In [1]:
## toy dataset for classification of patient with breast cancer diagnosis
## this tutorial uses SVM (Support Vector Machines)
## tutorial url:
## https://www.datacamp.com/tutorial/svm-classification-scikit-learn-python

In [28]:
import numpy as np
import pandas as pd
from sklearn import svm, metrics
from sklearn.model_selection import train_test_split
from sklearn.linear_model import LogisticRegression
from sklearn.preprocessing import MinMaxScaler

In [3]:
orig = pd.read_csv('../Datasets/wisconsin_breast_cancer.csv')

print(orig.shape)
orig.head()

(569, 33)


Unnamed: 0,id,diagnosis,radius_mean,texture_mean,perimeter_mean,area_mean,smoothness_mean,compactness_mean,concavity_mean,concave points_mean,...,texture_worst,perimeter_worst,area_worst,smoothness_worst,compactness_worst,concavity_worst,concave points_worst,symmetry_worst,fractal_dimension_worst,Unnamed: 32
0,842302,M,17.99,10.38,122.8,1001.0,0.1184,0.2776,0.3001,0.1471,...,17.33,184.6,2019.0,0.1622,0.6656,0.7119,0.2654,0.4601,0.1189,
1,842517,M,20.57,17.77,132.9,1326.0,0.08474,0.07864,0.0869,0.07017,...,23.41,158.8,1956.0,0.1238,0.1866,0.2416,0.186,0.275,0.08902,
2,84300903,M,19.69,21.25,130.0,1203.0,0.1096,0.1599,0.1974,0.1279,...,25.53,152.5,1709.0,0.1444,0.4245,0.4504,0.243,0.3613,0.08758,
3,84348301,M,11.42,20.38,77.58,386.1,0.1425,0.2839,0.2414,0.1052,...,26.5,98.87,567.7,0.2098,0.8663,0.6869,0.2575,0.6638,0.173,
4,84358402,M,20.29,14.34,135.1,1297.0,0.1003,0.1328,0.198,0.1043,...,16.67,152.2,1575.0,0.1374,0.205,0.4,0.1625,0.2364,0.07678,


In [4]:
df = orig.copy()

target = df.diagnosis

target = target.map({'M': 1, 'B': 0})

df.drop(columns=['id', 'diagnosis', 'Unnamed: 32'], inplace=True)

print(df.shape)

(569, 30)


In [7]:
x_train, x_test, y_train, y_test = train_test_split(df, target,
                                                    test_size=0.2, random_state=1)

print(x_train.shape, x_test.shape, y_train.shape, y_test.shape)

(455, 30) (114, 30) (455,) (114,)


## SVM 

In [44]:
# kernel option: 'linear', 'poly', 'rbf', 'sigmoid', 'precomputed'
clf = svm.SVC(kernel='linear')
clf.fit(x_train, y_train)

y_pred = clf.predict(x_test)
y_pred[:5]

array([0, 1, 0, 1, 1], dtype=int64)

In [45]:
print("SVM Accuracy:",metrics.accuracy_score(y_test, y_pred))

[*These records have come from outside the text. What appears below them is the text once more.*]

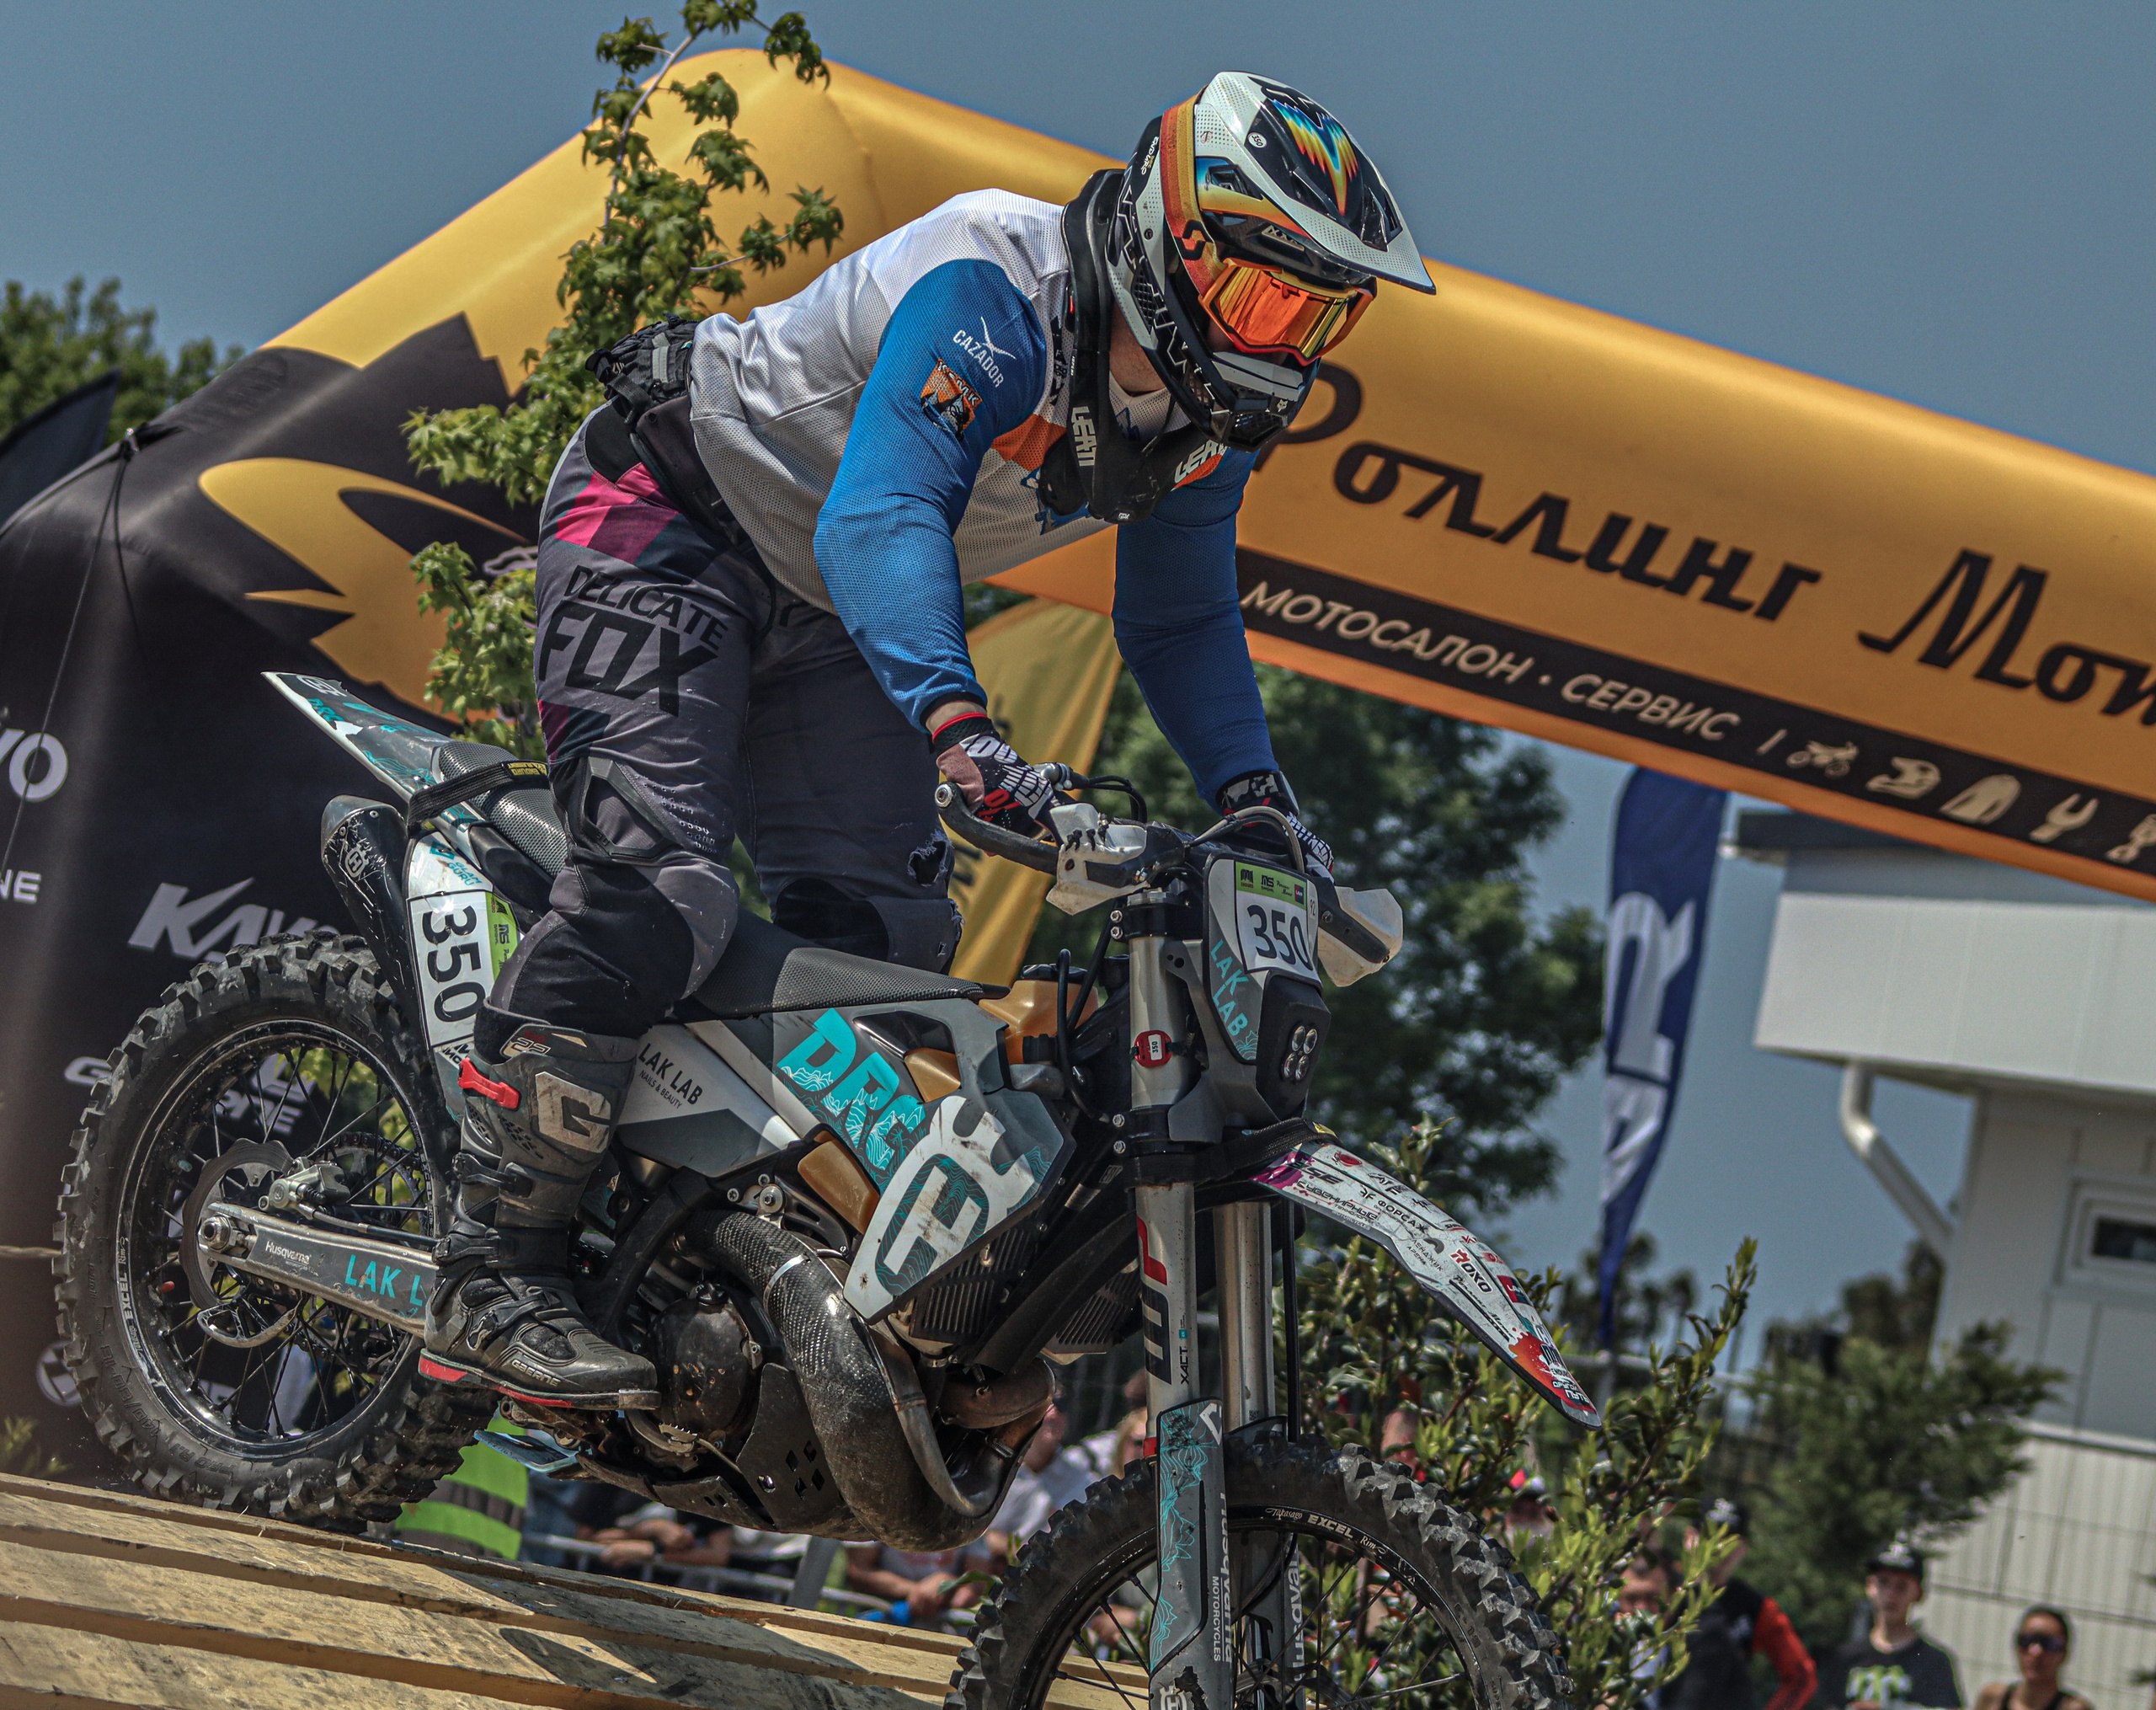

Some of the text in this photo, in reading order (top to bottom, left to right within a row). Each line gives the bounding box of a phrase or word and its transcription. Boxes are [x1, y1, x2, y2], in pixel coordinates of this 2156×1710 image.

[1251, 133, 1264, 147] 350
[953, 329, 1004, 388] CAZADOR
[566, 564, 729, 652] DELICATE
[539, 599, 718, 718] FOX
[1241, 580, 1742, 740] МОТОСАЛОН СЕРВИС
[447, 863, 475, 886] GURU
[422, 905, 486, 1023] 350
[1246, 905, 1313, 970] 350
[1210, 939, 1249, 996] LAK
[1213, 983, 1248, 1036] LAB
[638, 1043, 702, 1104] LAK LAB
[639, 1070, 657, 1087] NAILS
[660, 1087, 682, 1109] BEAUTY
[1377, 1199, 1429, 1234] ФОРСАЖ
[121, 1272, 134, 1320] EXCEL
[344, 1254, 402, 1299] LAK
[1449, 1248, 1493, 1294] ROXO
[1180, 1346, 1190, 1386] XACT
[1306, 1514, 1353, 1540] EXCEL
[1211, 1575, 1221, 1663] MOTORCYCLES
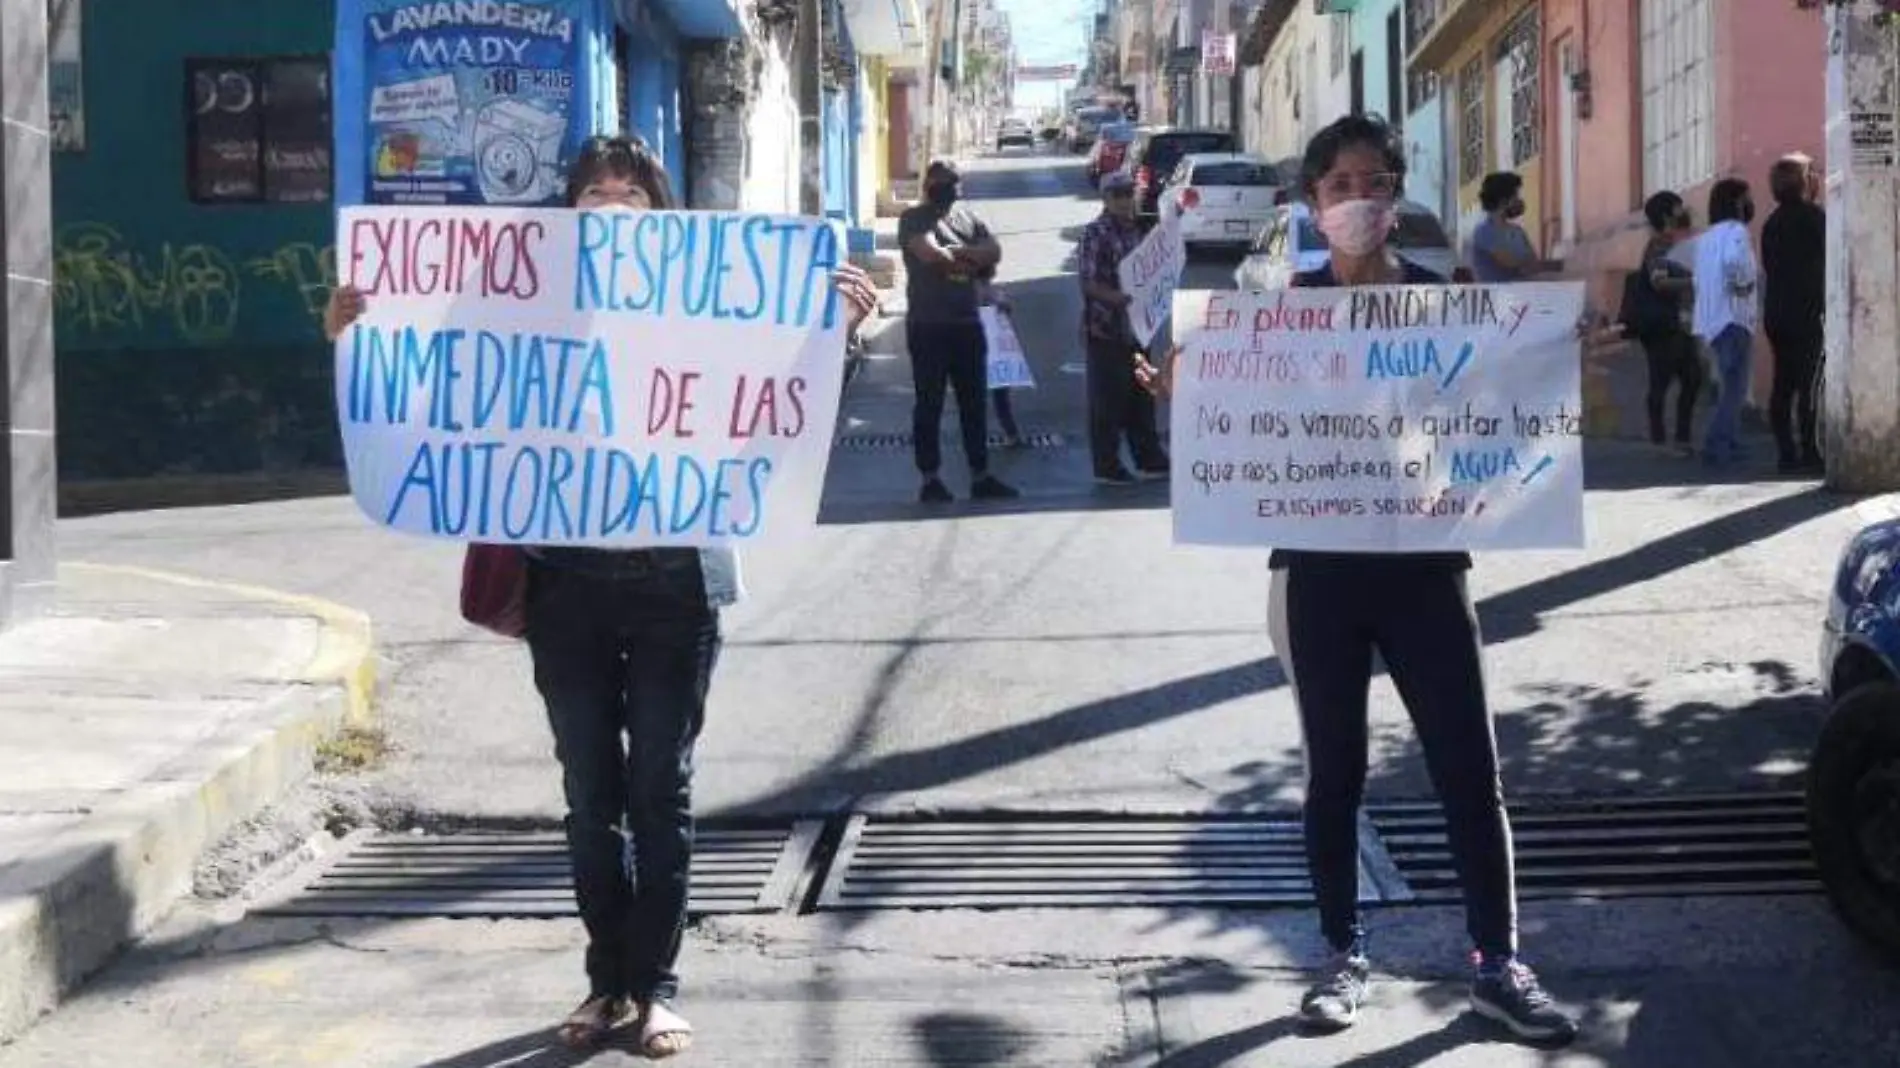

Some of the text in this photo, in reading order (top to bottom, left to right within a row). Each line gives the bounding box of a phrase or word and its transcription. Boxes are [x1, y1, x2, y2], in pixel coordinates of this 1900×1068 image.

SVM Accuracy: 0.956140350877193


In [46]:
metrics.confusion_matrix(y_test, y_pred)

array([[72,  0],
       [ 5, 37]], dtype=int64)

## Logistic Regression for comparison

In [47]:
scaler = MinMaxScaler()
df_scaled = scaler.fit_transform(df)

df_scaled[:2]

array([[0.52103744, 0.0226581 , 0.54598853, 0.36373277, 0.59375282,
        0.7920373 , 0.70313964, 0.73111332, 0.68636364, 0.60551811,
        0.35614702, 0.12046941, 0.3690336 , 0.27381126, 0.15929565,
        0.35139844, 0.13568182, 0.30062512, 0.31164518, 0.18304244,
        0.62077552, 0.14152452, 0.66831017, 0.45069799, 0.60113584,
        0.61929156, 0.56861022, 0.91202749, 0.59846245, 0.41886396],
       [0.64314449, 0.27257355, 0.61578329, 0.50159067, 0.28987993,
        0.18176799, 0.20360825, 0.34875746, 0.37979798, 0.14132266,
        0.15643672, 0.08258929, 0.12444047, 0.12565979, 0.11938675,
        0.08132304, 0.0469697 , 0.25383595, 0.08453875, 0.0911101 ,
        0.60690146, 0.30357143, 0.53981772, 0.43521431, 0.34755332,
        0.15456336, 0.19297125, 0.63917526, 0.23358959, 0.22287813]])

In [48]:
x_train_lr, x_test_lr, y_train_lr, y_test_lr = train_test_split(df_scaled, target,
                                                    test_size=0.2, random_state=1)

print(x_train_lr.shape, x_test_lr.shape, y_train_lr.shape, y_test_lr.shape)

(455, 30) (114, 30) (455,) (114,)


In [51]:
lr = LogisticRegression(max_iter=200)
lr.fit(x_train_lr, y_train_lr)

y_pred_lr = lr.predict(x_test_lr)
y_pred_lr[:5]

array([0, 1, 0, 1, 0], dtype=int64)

In [52]:
print("Logistic Regression  Accuracy:",metrics.accuracy_score(y_test_lr, y_pred_lr))

Logistic Regression  Accuracy: 0.956140350877193


In [53]:
metrics.confusion_matrix(y_test_lr, y_pred_lr)

array([[72,  0],
       [ 5, 37]], dtype=int64)

In [54]:
## Performance of SVM and Logistic Regression are the same for this toy dataset.
## Not surprising as the test dataset is small, and False Negative would be more
## common with more benign outcomes to learn from.
## Balancing the class_weight led to a minor drop in accuracy.